Tonic Trouble was conceptualized by Michel Ancel and developed by a team of around 120 people, starting pre-production in June 1996. After multiple delays, the game was released for Nintendo 64 in August 1999, with a Windows version following that December. A Game Boy Color adaptation was made by RFX Interactive and released in Europe in 2000. Tonic Trouble received a mixed response from critics, who approved of the controls, score, level design, and graphics, but criticized the camera system, gameplay, visuals, and its derivative nature. The game sold 1.1 million copies.

Gameplay 

Tonic Trouble is an action-adventure game played from a third-person view. The playable character, Ed, navigates three-dimensional environments through platforming and entering portals, while wielding a peashooter (used in a first-person perspective); new gadgets are rewarded as more levels are completed.
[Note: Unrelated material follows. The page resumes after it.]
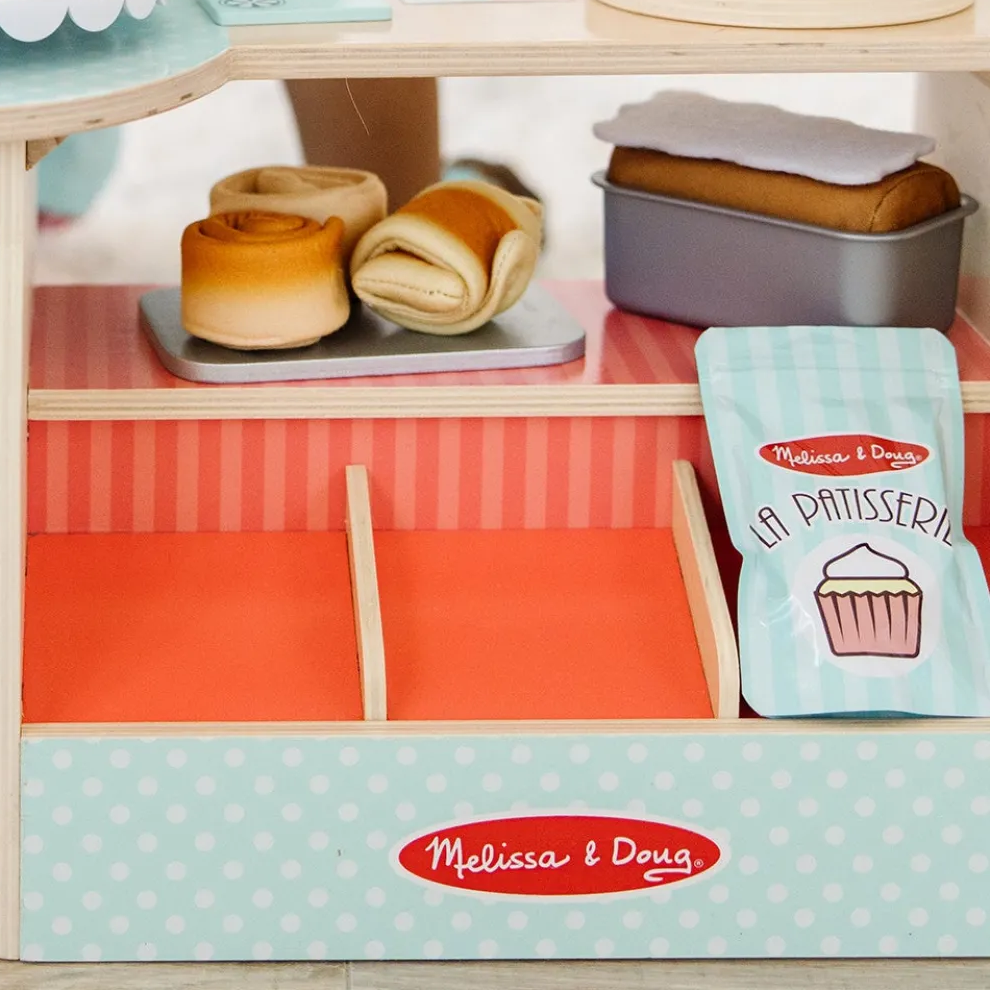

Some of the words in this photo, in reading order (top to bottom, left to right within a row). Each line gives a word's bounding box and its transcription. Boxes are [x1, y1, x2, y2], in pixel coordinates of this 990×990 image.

Gadgets are created by a mad doctor character, who builds the peashooter, a bow tie that enables Ed to fly, a diving helmet for underwater exploration, a belt that functions as a cloaking device by letting him take the appearance of enemies, and a pogo stick that allows him to traverse lava and stomp open trap doors. There are six levels on the Game Boy Color version, contrary to the twelve featured in the Nintendo 64 and Windows versions.
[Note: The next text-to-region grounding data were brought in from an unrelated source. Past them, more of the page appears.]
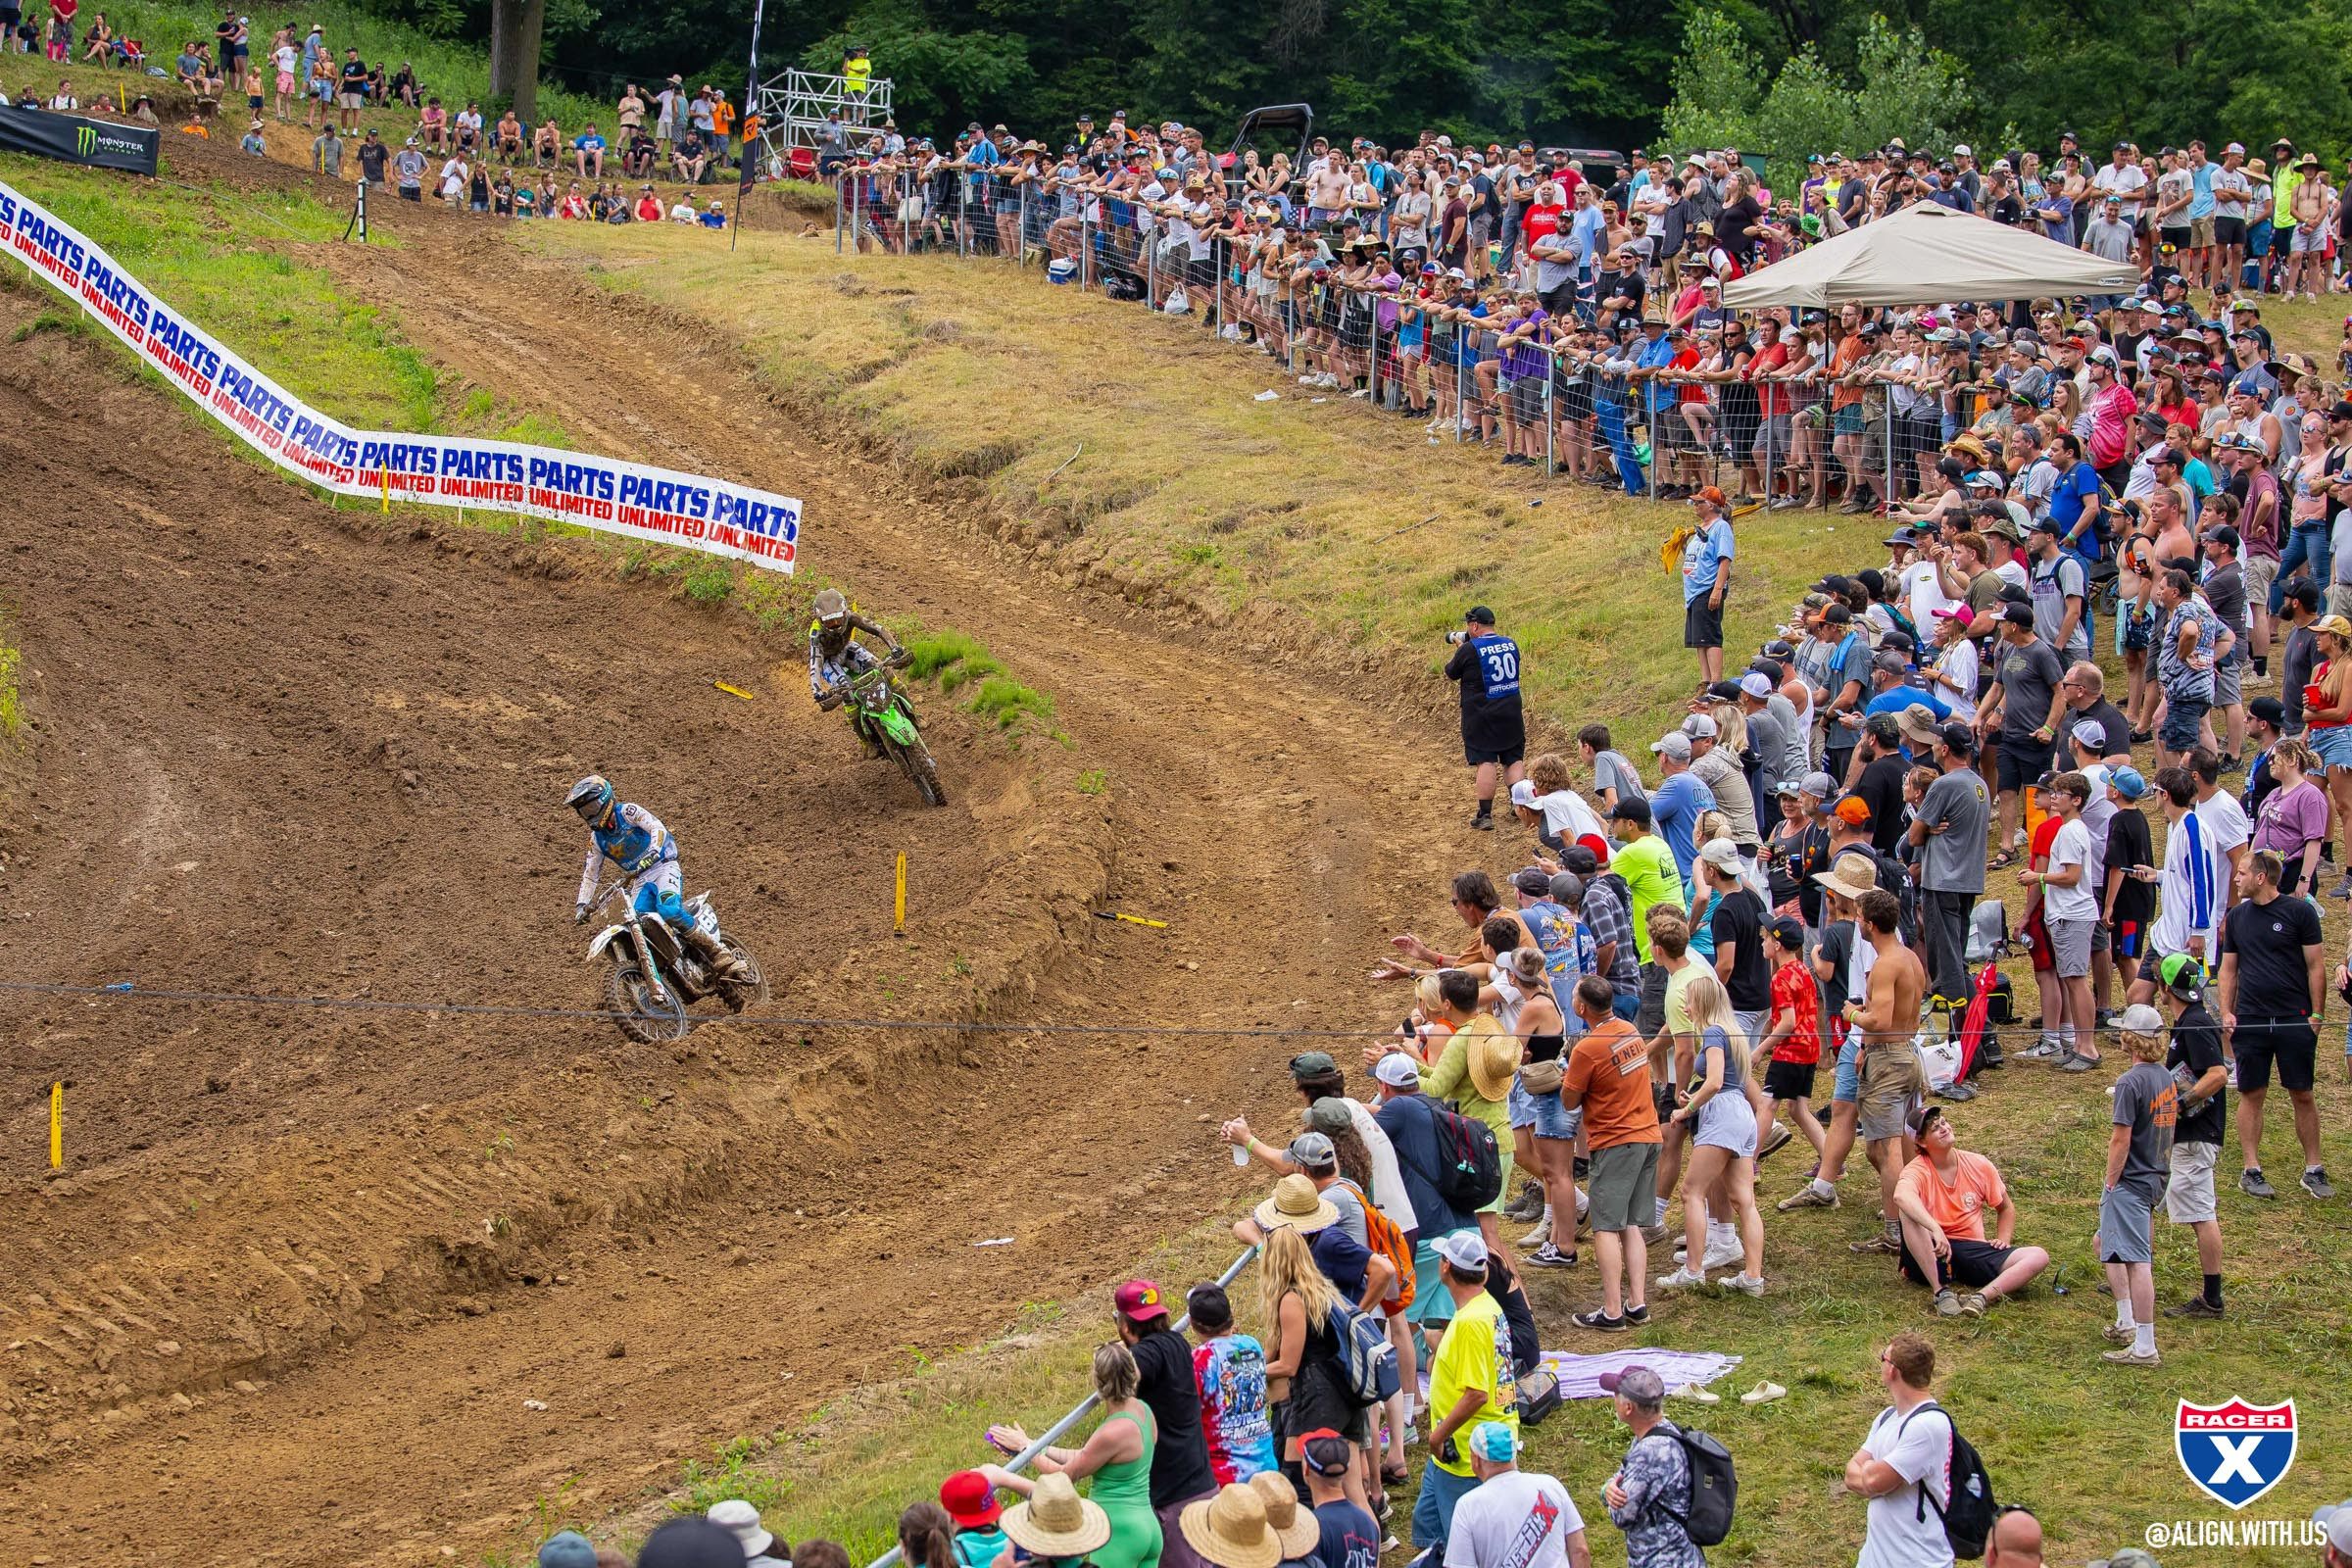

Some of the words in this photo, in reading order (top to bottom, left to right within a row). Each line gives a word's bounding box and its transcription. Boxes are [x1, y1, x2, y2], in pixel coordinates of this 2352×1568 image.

[97, 136, 144, 152] MONSTER
[17, 208, 84, 271] PARTS
[83, 256, 149, 326] PARTS
[150, 310, 220, 380] PARTS
[219, 365, 293, 432] PARTS
[290, 416, 358, 466] PARTS
[359, 442, 437, 473] PARTS
[441, 448, 523, 482] PARTS
[529, 458, 614, 500] PARTS
[619, 474, 710, 517] PARTS
[712, 492, 797, 541] PARTS
[15, 233, 78, 288] UNLIMITED
[81, 280, 143, 343] UNLIMITED
[147, 335, 211, 396] UNLIMITED
[213, 390, 282, 449] UNLIMITED
[282, 442, 355, 483] UNLIMITED
[440, 478, 523, 502] UNLIMITED
[529, 487, 612, 519] UNLIMITED
[617, 505, 705, 538] UNLIMITED
[709, 522, 795, 562] UNLIMITED
[1479, 642, 1516, 657] PRESS
[1488, 652, 1517, 682] 30
Ed can jump, climb, fly, swim, and crawl. To unlock the ability to kick and slap enemies, he must enlarge himself into Super Ed with popcorn consumables. The health bar increases from obtaining thermometers. Ed can use a stick to beat enemies, activate switches, and pry open doorways to areas containing bonus items. Fetch quests include collecting red orbs and other items; solving puzzles can grant power-ups and help defeat enemies. Collecting bonus spheres will unlock a secret level.

Plot 
In the Nintendo 64 version, Ed, a purple alien working as a janitor on his mothership, finds himself cleaning a storage room. He starts hunting a bug, trying to squash it. Exhausted from the hunt, Ed proceeds to drink an unidentified liquid from a container, but as he spits it out onto the floor, screws come alive and open a trapdoor. The container falls through the door and down to Earth, polluting a river and causing the entire planet to mutate. Grögh, a drunkard sleeping nearby, swallows the liquid and gains supernatural powers that help him conquer Earth.
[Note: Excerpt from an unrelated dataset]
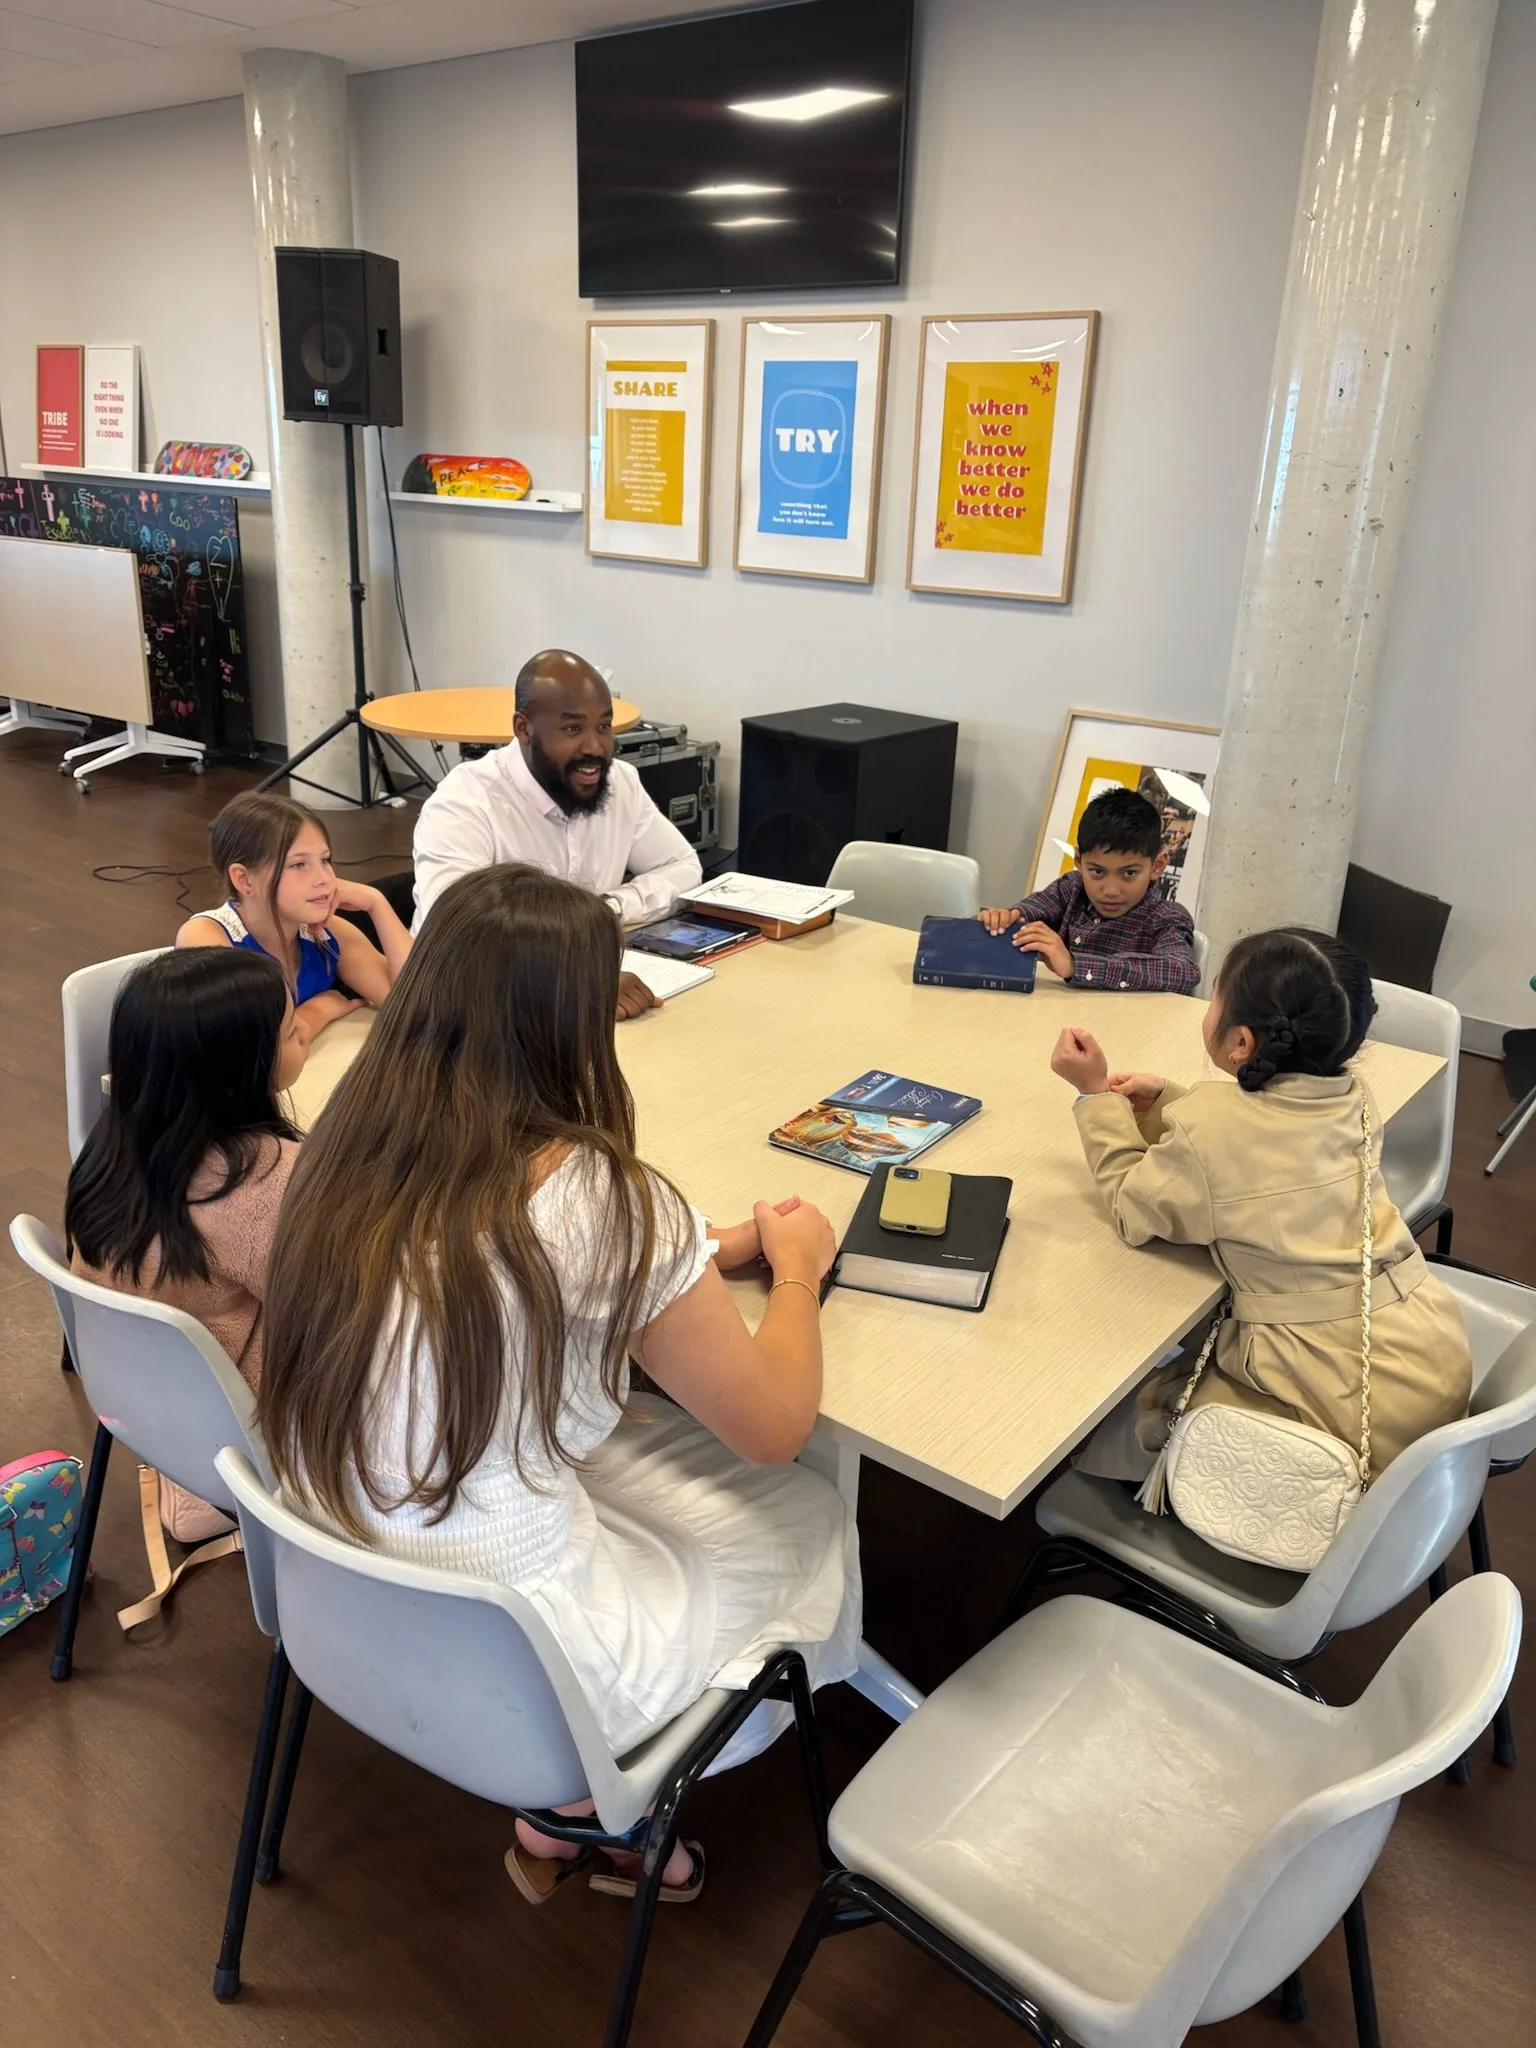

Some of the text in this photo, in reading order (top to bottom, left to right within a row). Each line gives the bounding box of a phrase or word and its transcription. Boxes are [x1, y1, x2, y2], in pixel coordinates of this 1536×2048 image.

The initial story of the PC version differs. There, Ed contemplates on giving a gift to a girl he likes, but gets chased by her boyfriend to the storage room. When he learns of the liquid's mutagenic properties, he throws the container into a garbage chute from which it falls and lands on Earth. Before finding the container, Grögh gets kicked out of a bar for not paying his tab.

Shortly following the incident, Ed is recruited by resistance leader Agent Xyz to obtain the container so that an antidote can be created against the mutations. Ed takes a small spaceship to Earth to meet the inventor Doc and his daughter Suzy, who Xyz said would give aid in his mission. On his way there, he crashes into a snowy mountain, causing him to continue by sled. At the foot of the mountain, Ed takes the direct way to South Plain, where he encounters Suzy. She implores Ed to save her father, who was imprisoned by his own robot following the contamination.

Once liberated, the Doc informs Ed that before his capture, he was building a catapult that could get someone into Grögh's Castle and recover the container. However, Grögh's henchmen took the items required to finish the contraption, which the Doc instructs Ed to retrieve. The last item is stolen by an enemy called Magic Mushroom, but Ed defeats him. With the Doc's catapult completed, Ed is flung into Grögh's Castle, where he engages in battle against Grögh and wins. Ed reclaims the container, enabling him to finally remedy the infestation of Earth.

Development and release 
Tonic Trouble was conceived and initially designed by Michel Ancel, who had created Rayman in 1995. Ancel was largely inspired by the storyline of Day of the Tentacle and the world-travelling mechanic from The Legend of Zelda: A Link to the Past. Starting pre-production in June 1996, Tonic Trouble was the first project to be developed by the previously established Ubi Soft Montreal, which devoted a team of sixty programmers, thirty animators, twelve level designers, twelve 3D artists, and four audio department employees. The game engine, known as "Architecture Commune Programmation", was built by fifty in-house staff over a course of eighteen months, with a total cost of . Using the engine, the developers wanted to take full advantage of Intel's newest Pentium II generation of central processing units. Tonic Trouble was one of the first games to be distributed on DVD-ROM, a rarity at the time. The additional storage of DVDs allowed Ubi Soft to include a longer introduction and more music tracks. Designer Pierre Olivier Clement stated that the design team aimed at making the player rationalize every step they took, contrary to what was done in games like Duke Nukem and Quake. Furthermore, they opted to differentiate the game from its sister project, Rayman 2: The Great Escape, by focusing more strongly on adventure, whereas Rayman 2 relied on action. The soundtrack was created in six months by composer Eric Chevalier and five in-house sound editors.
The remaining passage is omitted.